*** Dataset excerpts Section Begins ***

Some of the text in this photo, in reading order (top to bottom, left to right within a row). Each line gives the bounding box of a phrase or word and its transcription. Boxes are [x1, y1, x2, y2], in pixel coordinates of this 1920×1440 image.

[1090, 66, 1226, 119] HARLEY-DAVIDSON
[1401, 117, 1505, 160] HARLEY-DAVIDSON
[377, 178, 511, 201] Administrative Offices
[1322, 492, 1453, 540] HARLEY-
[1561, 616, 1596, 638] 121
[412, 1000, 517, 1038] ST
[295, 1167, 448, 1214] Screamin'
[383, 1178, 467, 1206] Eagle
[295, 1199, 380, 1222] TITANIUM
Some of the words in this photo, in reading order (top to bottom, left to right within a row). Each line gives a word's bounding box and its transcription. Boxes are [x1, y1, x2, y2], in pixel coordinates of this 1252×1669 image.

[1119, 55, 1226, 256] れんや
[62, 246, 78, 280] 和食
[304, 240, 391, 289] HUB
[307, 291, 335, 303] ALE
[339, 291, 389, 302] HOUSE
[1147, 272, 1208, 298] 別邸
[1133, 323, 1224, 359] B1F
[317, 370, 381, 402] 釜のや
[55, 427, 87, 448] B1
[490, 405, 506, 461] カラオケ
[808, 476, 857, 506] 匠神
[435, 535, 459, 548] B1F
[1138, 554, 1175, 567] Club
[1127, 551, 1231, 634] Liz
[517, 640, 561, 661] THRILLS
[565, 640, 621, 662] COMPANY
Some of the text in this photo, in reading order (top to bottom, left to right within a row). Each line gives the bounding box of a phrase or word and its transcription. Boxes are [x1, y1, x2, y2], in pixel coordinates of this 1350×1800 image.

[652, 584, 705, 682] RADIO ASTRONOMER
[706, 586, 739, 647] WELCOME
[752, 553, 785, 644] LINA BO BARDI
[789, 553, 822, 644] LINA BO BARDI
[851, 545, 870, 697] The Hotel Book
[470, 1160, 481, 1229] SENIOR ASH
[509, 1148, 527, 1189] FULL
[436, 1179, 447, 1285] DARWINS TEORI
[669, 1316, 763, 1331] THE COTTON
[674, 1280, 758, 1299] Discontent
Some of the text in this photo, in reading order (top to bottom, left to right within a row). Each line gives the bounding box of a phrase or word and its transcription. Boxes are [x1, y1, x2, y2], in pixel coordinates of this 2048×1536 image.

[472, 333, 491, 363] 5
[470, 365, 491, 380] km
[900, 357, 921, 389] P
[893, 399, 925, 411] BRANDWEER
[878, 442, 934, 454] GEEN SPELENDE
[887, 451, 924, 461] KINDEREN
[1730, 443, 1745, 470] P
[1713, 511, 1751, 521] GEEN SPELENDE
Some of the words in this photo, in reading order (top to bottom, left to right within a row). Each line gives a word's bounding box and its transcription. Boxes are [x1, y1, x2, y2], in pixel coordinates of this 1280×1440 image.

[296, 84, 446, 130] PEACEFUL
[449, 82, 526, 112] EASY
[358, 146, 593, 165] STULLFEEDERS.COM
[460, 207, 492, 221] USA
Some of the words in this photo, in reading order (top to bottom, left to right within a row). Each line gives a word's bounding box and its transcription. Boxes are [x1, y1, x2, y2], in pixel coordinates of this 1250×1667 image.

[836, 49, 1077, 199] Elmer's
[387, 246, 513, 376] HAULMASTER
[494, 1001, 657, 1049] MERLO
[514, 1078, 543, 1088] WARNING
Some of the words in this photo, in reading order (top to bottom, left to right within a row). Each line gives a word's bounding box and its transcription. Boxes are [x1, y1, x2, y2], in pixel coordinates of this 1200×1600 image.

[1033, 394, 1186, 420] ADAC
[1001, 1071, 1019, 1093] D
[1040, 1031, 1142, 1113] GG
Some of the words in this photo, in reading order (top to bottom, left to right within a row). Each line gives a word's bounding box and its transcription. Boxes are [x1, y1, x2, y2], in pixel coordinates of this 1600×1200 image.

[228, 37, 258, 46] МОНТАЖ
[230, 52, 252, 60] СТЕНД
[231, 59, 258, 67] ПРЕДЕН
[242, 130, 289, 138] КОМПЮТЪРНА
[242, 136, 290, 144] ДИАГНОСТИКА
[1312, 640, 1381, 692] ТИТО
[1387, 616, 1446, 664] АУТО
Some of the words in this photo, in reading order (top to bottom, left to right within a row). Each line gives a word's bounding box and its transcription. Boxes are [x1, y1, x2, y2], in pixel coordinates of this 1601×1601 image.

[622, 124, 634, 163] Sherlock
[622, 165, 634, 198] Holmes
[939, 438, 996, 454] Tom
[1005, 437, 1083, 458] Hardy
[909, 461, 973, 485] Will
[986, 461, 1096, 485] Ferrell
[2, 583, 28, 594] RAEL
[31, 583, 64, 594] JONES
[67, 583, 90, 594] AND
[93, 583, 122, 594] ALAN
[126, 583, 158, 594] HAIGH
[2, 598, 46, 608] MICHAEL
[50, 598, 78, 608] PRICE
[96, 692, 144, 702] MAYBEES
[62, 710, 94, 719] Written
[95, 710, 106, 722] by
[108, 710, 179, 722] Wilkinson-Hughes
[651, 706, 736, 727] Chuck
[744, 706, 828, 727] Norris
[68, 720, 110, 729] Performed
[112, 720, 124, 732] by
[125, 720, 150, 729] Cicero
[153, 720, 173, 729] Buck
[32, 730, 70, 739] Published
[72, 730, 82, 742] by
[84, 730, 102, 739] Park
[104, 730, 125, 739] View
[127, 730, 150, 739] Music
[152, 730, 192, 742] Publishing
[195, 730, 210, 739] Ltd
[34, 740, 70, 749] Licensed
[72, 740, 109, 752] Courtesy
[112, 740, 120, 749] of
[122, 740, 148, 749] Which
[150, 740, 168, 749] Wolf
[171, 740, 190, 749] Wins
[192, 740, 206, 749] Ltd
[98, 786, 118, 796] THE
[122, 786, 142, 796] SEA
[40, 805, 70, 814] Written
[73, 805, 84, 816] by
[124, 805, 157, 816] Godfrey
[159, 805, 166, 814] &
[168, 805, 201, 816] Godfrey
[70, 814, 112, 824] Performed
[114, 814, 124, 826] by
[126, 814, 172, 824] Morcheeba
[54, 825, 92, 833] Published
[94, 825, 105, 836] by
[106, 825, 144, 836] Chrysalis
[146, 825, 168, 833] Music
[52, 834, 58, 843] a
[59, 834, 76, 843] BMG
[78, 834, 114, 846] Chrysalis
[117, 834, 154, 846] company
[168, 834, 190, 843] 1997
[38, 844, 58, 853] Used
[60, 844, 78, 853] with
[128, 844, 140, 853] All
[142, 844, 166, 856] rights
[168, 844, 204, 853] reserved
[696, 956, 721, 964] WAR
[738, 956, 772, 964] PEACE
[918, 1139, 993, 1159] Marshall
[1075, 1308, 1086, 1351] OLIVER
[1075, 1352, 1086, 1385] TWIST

*** Dataset excerpts Section Ends ***

▸ **Your assignment**: Reproduce every line above. Keep it exact.

▸ **Answer box**:
Some of the text in this photo, in reading order (top to bottom, left to right within a row). Each line gives the bounding box of a phrase or word and its transcription. Boxes are [x1, y1, x2, y2], in pixel coordinates of this 1920×1440 image.

[1090, 66, 1226, 119] HARLEY-DAVIDSON
[1401, 117, 1505, 160] HARLEY-DAVIDSON
[377, 178, 511, 201] Administrative Offices
[1322, 492, 1453, 540] HARLEY-
[1561, 616, 1596, 638] 121
[412, 1000, 517, 1038] ST
[295, 1167, 448, 1214] Screamin'
[383, 1178, 467, 1206] Eagle
[295, 1199, 380, 1222] TITANIUM
Some of the words in this photo, in reading order (top to bottom, left to right within a row). Each line gives a word's bounding box and its transcription. Boxes are [x1, y1, x2, y2], in pixel coordinates of this 1252×1669 image.

[1119, 55, 1226, 256] れんや
[62, 246, 78, 280] 和食
[304, 240, 391, 289] HUB
[307, 291, 335, 303] ALE
[339, 291, 389, 302] HOUSE
[1147, 272, 1208, 298] 別邸
[1133, 323, 1224, 359] B1F
[317, 370, 381, 402] 釜のや
[55, 427, 87, 448] B1
[490, 405, 506, 461] カラオケ
[808, 476, 857, 506] 匠神
[435, 535, 459, 548] B1F
[1138, 554, 1175, 567] Club
[1127, 551, 1231, 634] Liz
[517, 640, 561, 661] THRILLS
[565, 640, 621, 662] COMPANY
Some of the text in this photo, in reading order (top to bottom, left to right within a row). Each line gives the bounding box of a phrase or word and its transcription. Boxes are [x1, y1, x2, y2], in pixel coordinates of this 1350×1800 image.

[652, 584, 705, 682] RADIO ASTRONOMER
[706, 586, 739, 647] WELCOME
[752, 553, 785, 644] LINA BO BARDI
[789, 553, 822, 644] LINA BO BARDI
[851, 545, 870, 697] The Hotel Book
[470, 1160, 481, 1229] SENIOR ASH
[509, 1148, 527, 1189] FULL
[436, 1179, 447, 1285] DARWINS TEORI
[669, 1316, 763, 1331] THE COTTON
[674, 1280, 758, 1299] Discontent
Some of the text in this photo, in reading order (top to bottom, left to right within a row). Each line gives the bounding box of a phrase or word and its transcription. Boxes are [x1, y1, x2, y2], in pixel coordinates of this 2048×1536 image.

[472, 333, 491, 363] 5
[470, 365, 491, 380] km
[900, 357, 921, 389] P
[893, 399, 925, 411] BRANDWEER
[878, 442, 934, 454] GEEN SPELENDE
[887, 451, 924, 461] KINDEREN
[1730, 443, 1745, 470] P
[1713, 511, 1751, 521] GEEN SPELENDE
Some of the words in this photo, in reading order (top to bottom, left to right within a row). Each line gives a word's bounding box and its transcription. Boxes are [x1, y1, x2, y2], in pixel coordinates of this 1280×1440 image.

[296, 84, 446, 130] PEACEFUL
[449, 82, 526, 112] EASY
[358, 146, 593, 165] STULLFEEDERS.COM
[460, 207, 492, 221] USA
Some of the words in this photo, in reading order (top to bottom, left to right within a row). Each line gives a word's bounding box and its transcription. Boxes are [x1, y1, x2, y2], in pixel coordinates of this 1250×1667 image.

[836, 49, 1077, 199] Elmer's
[387, 246, 513, 376] HAULMASTER
[494, 1001, 657, 1049] MERLO
[514, 1078, 543, 1088] WARNING
Some of the words in this photo, in reading order (top to bottom, left to right within a row). Each line gives a word's bounding box and its transcription. Boxes are [x1, y1, x2, y2], in pixel coordinates of this 1200×1600 image.

[1033, 394, 1186, 420] ADAC
[1001, 1071, 1019, 1093] D
[1040, 1031, 1142, 1113] GG
Some of the words in this photo, in reading order (top to bottom, left to right within a row). Each line gives a word's bounding box and its transcription. Boxes are [x1, y1, x2, y2], in pixel coordinates of this 1600×1200 image.

[228, 37, 258, 46] МОНТАЖ
[230, 52, 252, 60] СТЕНД
[231, 59, 258, 67] ПРЕДЕН
[242, 130, 289, 138] КОМПЮТЪРНА
[242, 136, 290, 144] ДИАГНОСТИКА
[1312, 640, 1381, 692] ТИТО
[1387, 616, 1446, 664] АУТО
Some of the words in this photo, in reading order (top to bottom, left to right within a row). Each line gives a word's bounding box and its transcription. Boxes are [x1, y1, x2, y2], in pixel coordinates of this 1601×1601 image.

[622, 124, 634, 163] Sherlock
[622, 165, 634, 198] Holmes
[939, 438, 996, 454] Tom
[1005, 437, 1083, 458] Hardy
[909, 461, 973, 485] Will
[986, 461, 1096, 485] Ferrell
[2, 583, 28, 594] RAEL
[31, 583, 64, 594] JONES
[67, 583, 90, 594] AND
[93, 583, 122, 594] ALAN
[126, 583, 158, 594] HAIGH
[2, 598, 46, 608] MICHAEL
[50, 598, 78, 608] PRICE
[96, 692, 144, 702] MAYBEES
[62, 710, 94, 719] Written
[95, 710, 106, 722] by
[108, 710, 179, 722] Wilkinson-Hughes
[651, 706, 736, 727] Chuck
[744, 706, 828, 727] Norris
[68, 720, 110, 729] Performed
[112, 720, 124, 732] by
[125, 720, 150, 729] Cicero
[153, 720, 173, 729] Buck
[32, 730, 70, 739] Published
[72, 730, 82, 742] by
[84, 730, 102, 739] Park
[104, 730, 125, 739] View
[127, 730, 150, 739] Music
[152, 730, 192, 742] Publishing
[195, 730, 210, 739] Ltd
[34, 740, 70, 749] Licensed
[72, 740, 109, 752] Courtesy
[112, 740, 120, 749] of
[122, 740, 148, 749] Which
[150, 740, 168, 749] Wolf
[171, 740, 190, 749] Wins
[192, 740, 206, 749] Ltd
[98, 786, 118, 796] THE
[122, 786, 142, 796] SEA
[40, 805, 70, 814] Written
[73, 805, 84, 816] by
[124, 805, 157, 816] Godfrey
[159, 805, 166, 814] &
[168, 805, 201, 816] Godfrey
[70, 814, 112, 824] Performed
[114, 814, 124, 826] by
[126, 814, 172, 824] Morcheeba
[54, 825, 92, 833] Published
[94, 825, 105, 836] by
[106, 825, 144, 836] Chrysalis
[146, 825, 168, 833] Music
[52, 834, 58, 843] a
[59, 834, 76, 843] BMG
[78, 834, 114, 846] Chrysalis
[117, 834, 154, 846] company
[168, 834, 190, 843] 1997
[38, 844, 58, 853] Used
[60, 844, 78, 853] with
[128, 844, 140, 853] All
[142, 844, 166, 856] rights
[168, 844, 204, 853] reserved
[696, 956, 721, 964] WAR
[738, 956, 772, 964] PEACE
[918, 1139, 993, 1159] Marshall
[1075, 1308, 1086, 1351] OLIVER
[1075, 1352, 1086, 1385] TWIST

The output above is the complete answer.